Schools without water. Clinics running dry. Complaints dating back to 2017 that went unanswered. A new report lays bare just how badly the Middle Letaba sub-catchment area has been failed, and what happens next.
For communities in Limpopo’s Middle Letaba sub-catchment area, the water crisis is not new.
The Middle Letaba Dam has not filled since the year 2000, and for the people who depend on it, that statistic tells only part of the story.
Schools and healthcare facilities have gone without reliable water access. Boreholes have been vandalised and left unrepaired.
A local Water User Association never materialised. Complaints raised as far back as 2017 remain unresolved.
A Ministerial Independent Investigative Panel (MIIP), led by retired Judge Bernard Ngoepe, spent nearly a year documenting these failures.
On 13 May 2026, Minister of Water and Sanitation Pemmy Majodina formally handed the report, along with a government action plan, to Limpopo’s Acting Premier Basikopo Makamu.
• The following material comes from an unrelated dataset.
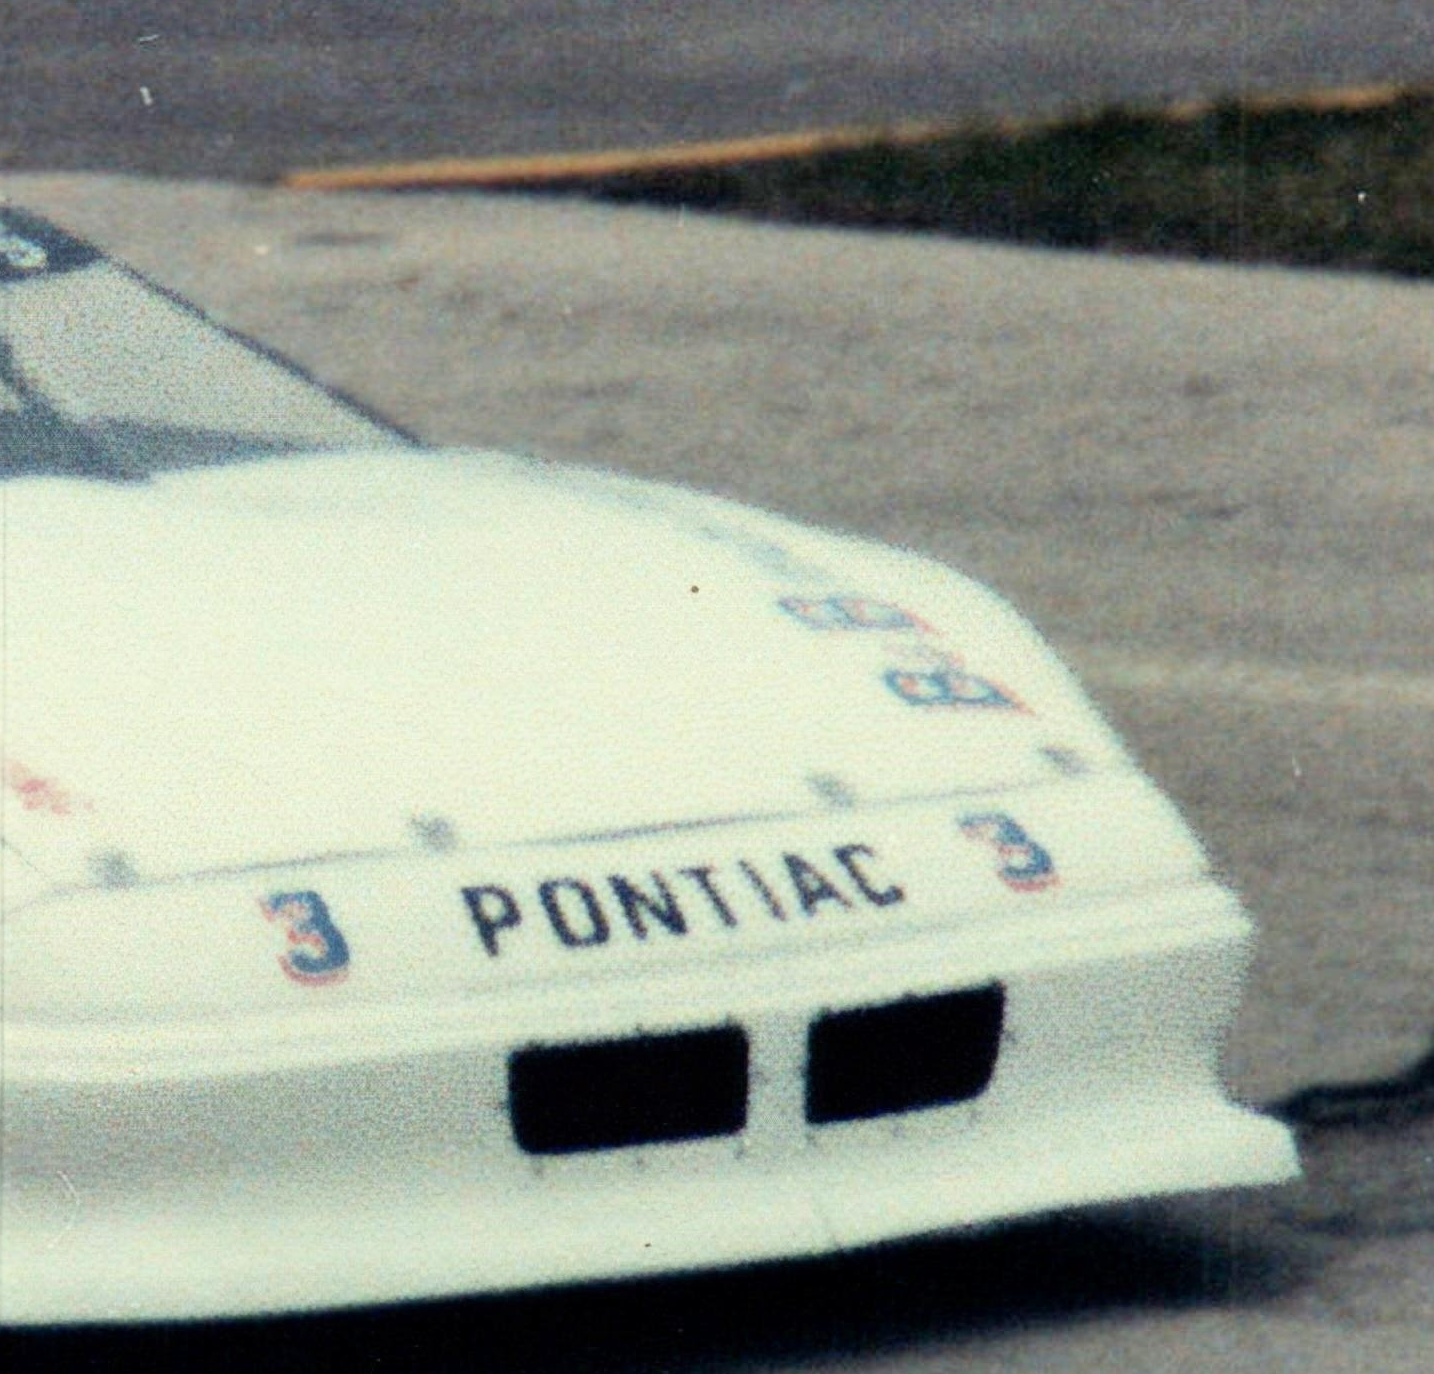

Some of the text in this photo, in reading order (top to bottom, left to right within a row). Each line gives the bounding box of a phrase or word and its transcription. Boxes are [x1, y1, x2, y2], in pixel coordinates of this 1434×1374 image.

[459, 841, 907, 958] PONTIAC
[962, 811, 1060, 893] 3
[257, 889, 352, 987] 3
Majodina said the report is credible and that its recommendations will be backed by a concrete implementation plan covering short, medium and long-term interventions.
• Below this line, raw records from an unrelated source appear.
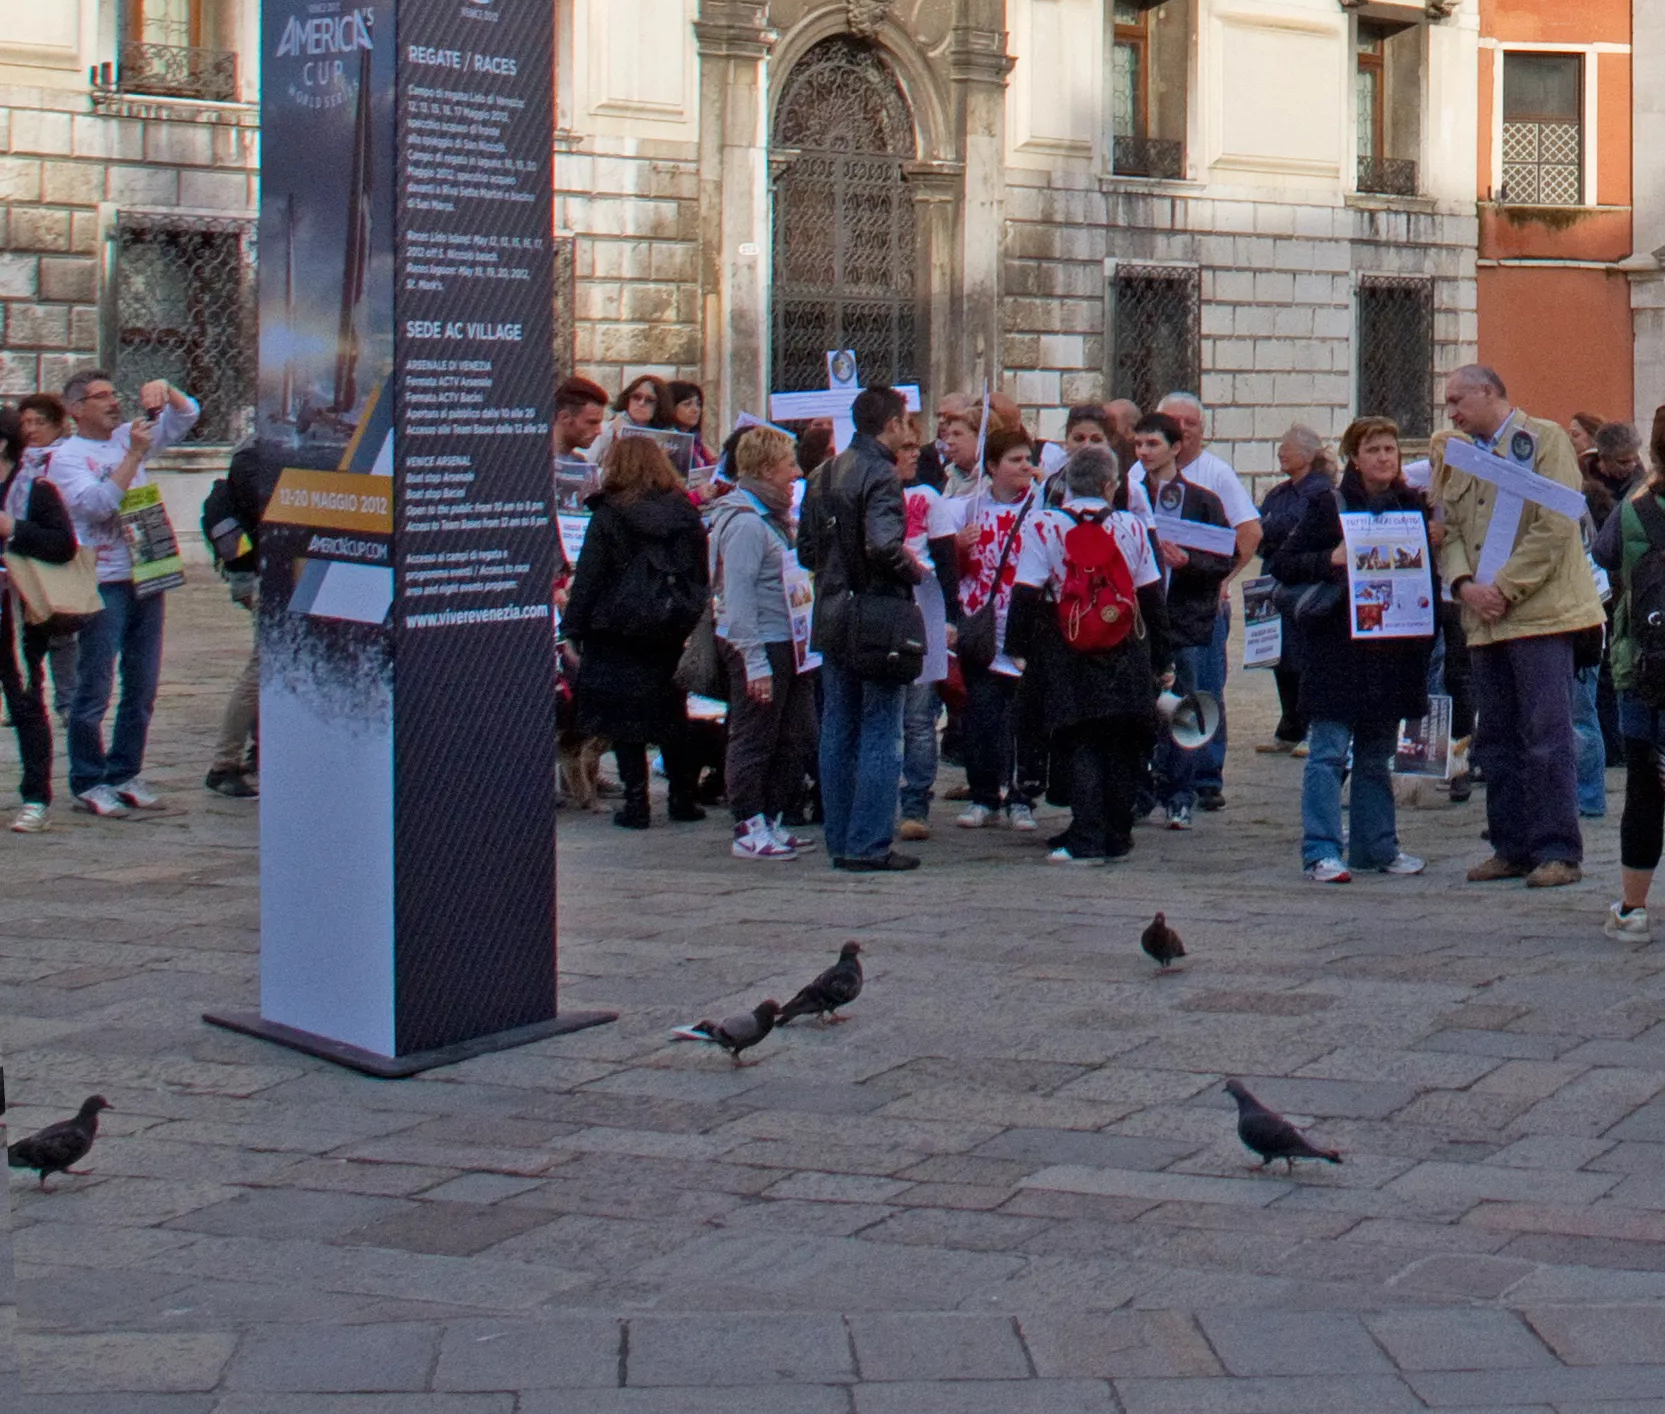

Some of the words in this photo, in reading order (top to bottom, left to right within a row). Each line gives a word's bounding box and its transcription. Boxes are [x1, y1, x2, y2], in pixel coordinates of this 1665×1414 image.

[304, 60, 344, 86] CUP
[409, 45, 461, 68] REGATE
[464, 52, 472, 72] /
[475, 54, 517, 76] RACES
[406, 320, 441, 338] SEDE
[445, 322, 462, 338] AC
[466, 323, 522, 340] VILLAGE
[280, 488, 308, 507] 12-20
[311, 491, 357, 511] MAGGIO
[361, 496, 387, 514] 2012
[406, 603, 548, 628] www.viverevenezia.com
A dam that was set up to fail
The panel’s findings paint a troubling picture of structural neglect.
Majodina said the N’wamanungu Dam was overdesigned and poorly located, sitting in a catchment where demand has long exceeded supply.
Upstream water use remains entirely unrestricted, with dams in those areas recorded as full while the N’wamanungu Dam sat nearly empty.
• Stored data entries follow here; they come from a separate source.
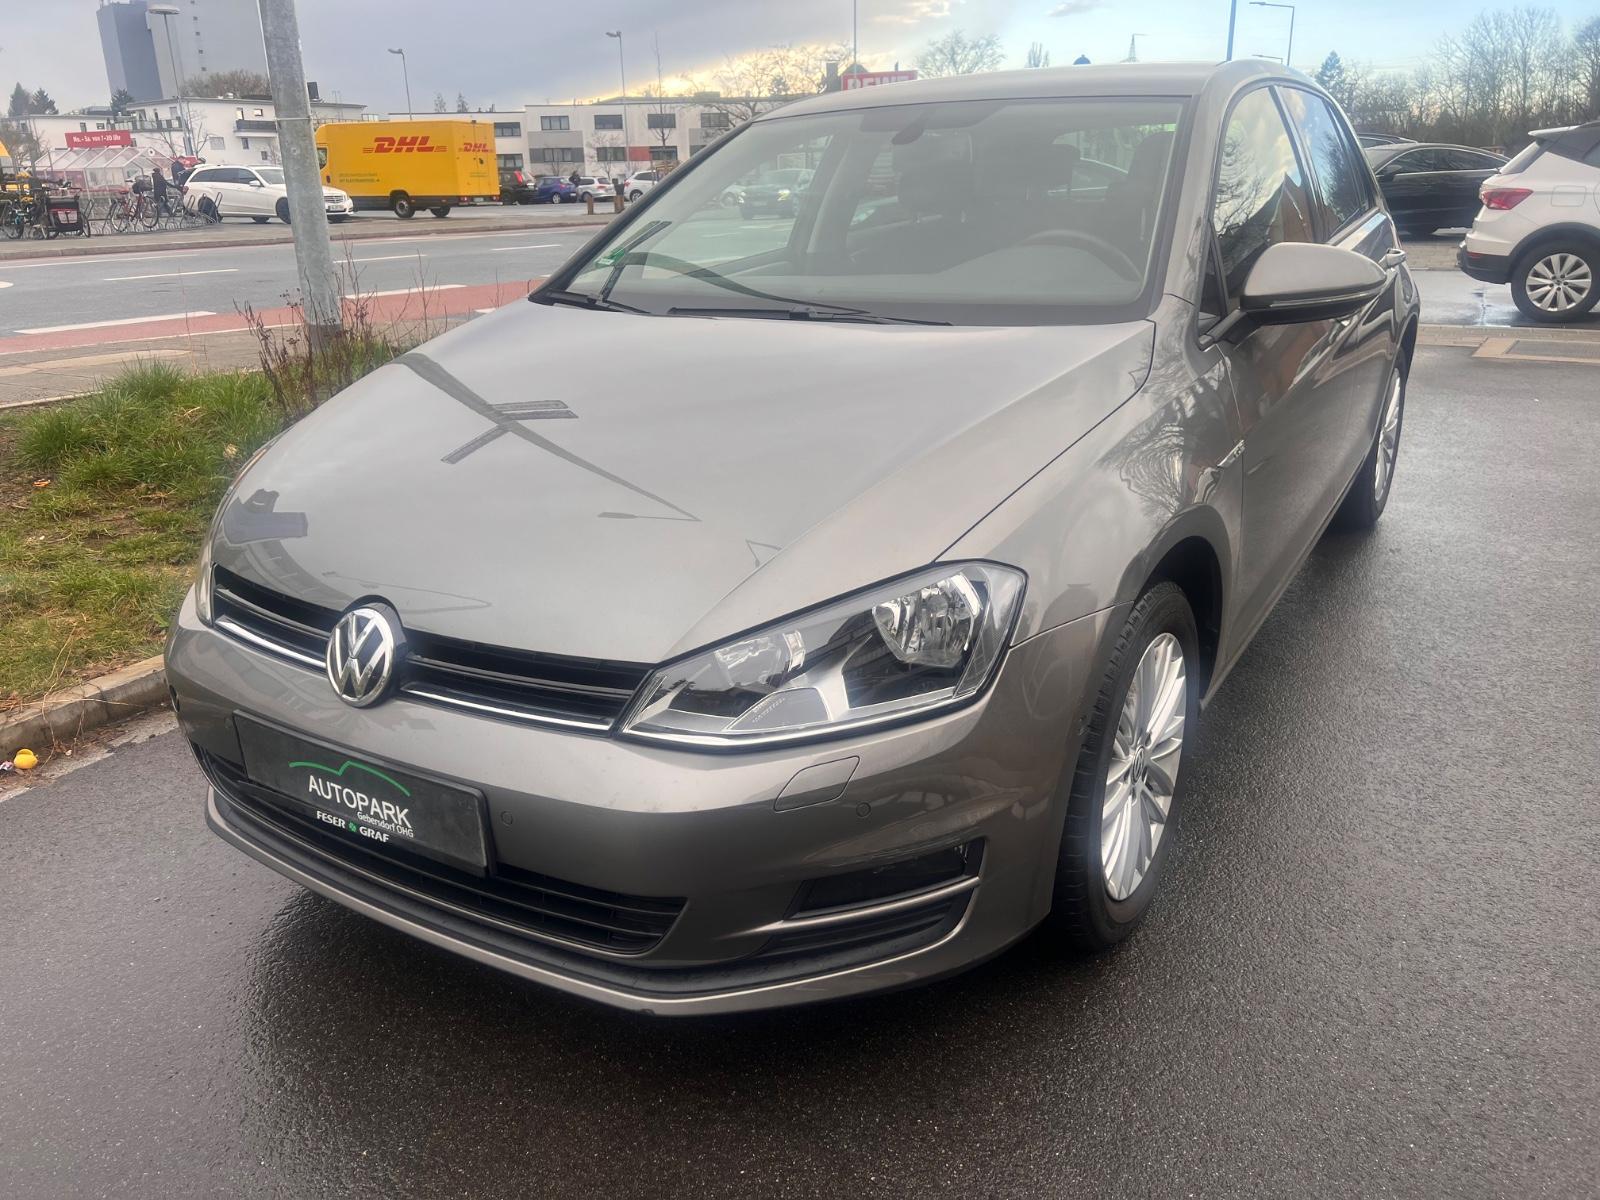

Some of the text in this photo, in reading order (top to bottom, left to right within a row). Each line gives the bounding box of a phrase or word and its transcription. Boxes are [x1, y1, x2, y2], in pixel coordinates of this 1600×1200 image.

[373, 136, 435, 154] DHL
[463, 143, 489, 152] DHL
[308, 775, 412, 829] AUTOPARK
[316, 810, 390, 843] FESER GRAF
[357, 811, 414, 838] Gebersdorf OHG
The Reserve gazetted in 2018 also unjustifiably excludes part of the catchment, directly undermining water availability for both environmental conservation and basic human needs.
Majodina said the department also appeared to have continued issuing water licences in an already overstressed catchment, while compliance monitoring and enforcement remained inadequate.
Projects designed specifically to augment the system, including a pipeline to transfer water from the Klein Letaba River and augmentation from Nandoni Dam, were left stalled.
“Government cannot simply acknowledge challenges without responding decisively,” she said.
Years of broken promises
Majodina acknowledged some positive efforts by the department in response to challenges first raised in 2012, but said high vacancy rates, budget constraints and inadequate training severely limited its ability to act.
The cumulative effect of abandoned projects, missing institutions and inaccessible water for schools and clinics eroded whatever public confidence remained.
She was direct about the gravity of the moment.
“Today, we are not only releasing a report. We are presenting a commitment to action,” Majodina said. “This action plan prioritises immediate relief while laying the foundation for long-term water security and sustainable economic development.”
What is being done right now
Majodina said the department has committed to increasing water volumes currently being treated at the dam and at Mapuve.
Three large pumps have already been commissioned to boost raw water supply, and the dam currently sits at 172.50 mm³, 100.3% of full supply capacity, following above-normal rainfall in the region.
She said boreholes vandalised over the years will be rehabilitated in partnership with Mopani District Municipality, with new ones drilled where surplus groundwater exists.
The Klein Letaba River canal will be fast-tracked for replacement with a pipeline, and the Giyani Water Treatment Works will be upgraded. Majodina said that if the canal replacement is prioritised, it could unlock up to five million cubic metres of water for communities.
“I instructed the department to develop a comprehensive implementation plan aligned to the findings and recommendations of the panel,” she said.
The longer road ahead
Majodina said feasibility studies will be conducted within two years for an off-take weir on the Klein Letaba River and a new dam on the same river.
She said these interventions will also unlock water for economic development.
Drones will be deployed to monitor unlawful irrigation and forestry water use, with investigations into illegal water activity set to begin.
Alien invasive species will also be tackled as part of the Giyani Phase 2 reticulation rollout.
Acting Premier Makamu assured Majodina that Limpopo’s provincial government would work alongside the Department of Water and Sanitation and Mopani District Municipality to ensure full implementation of the action plan.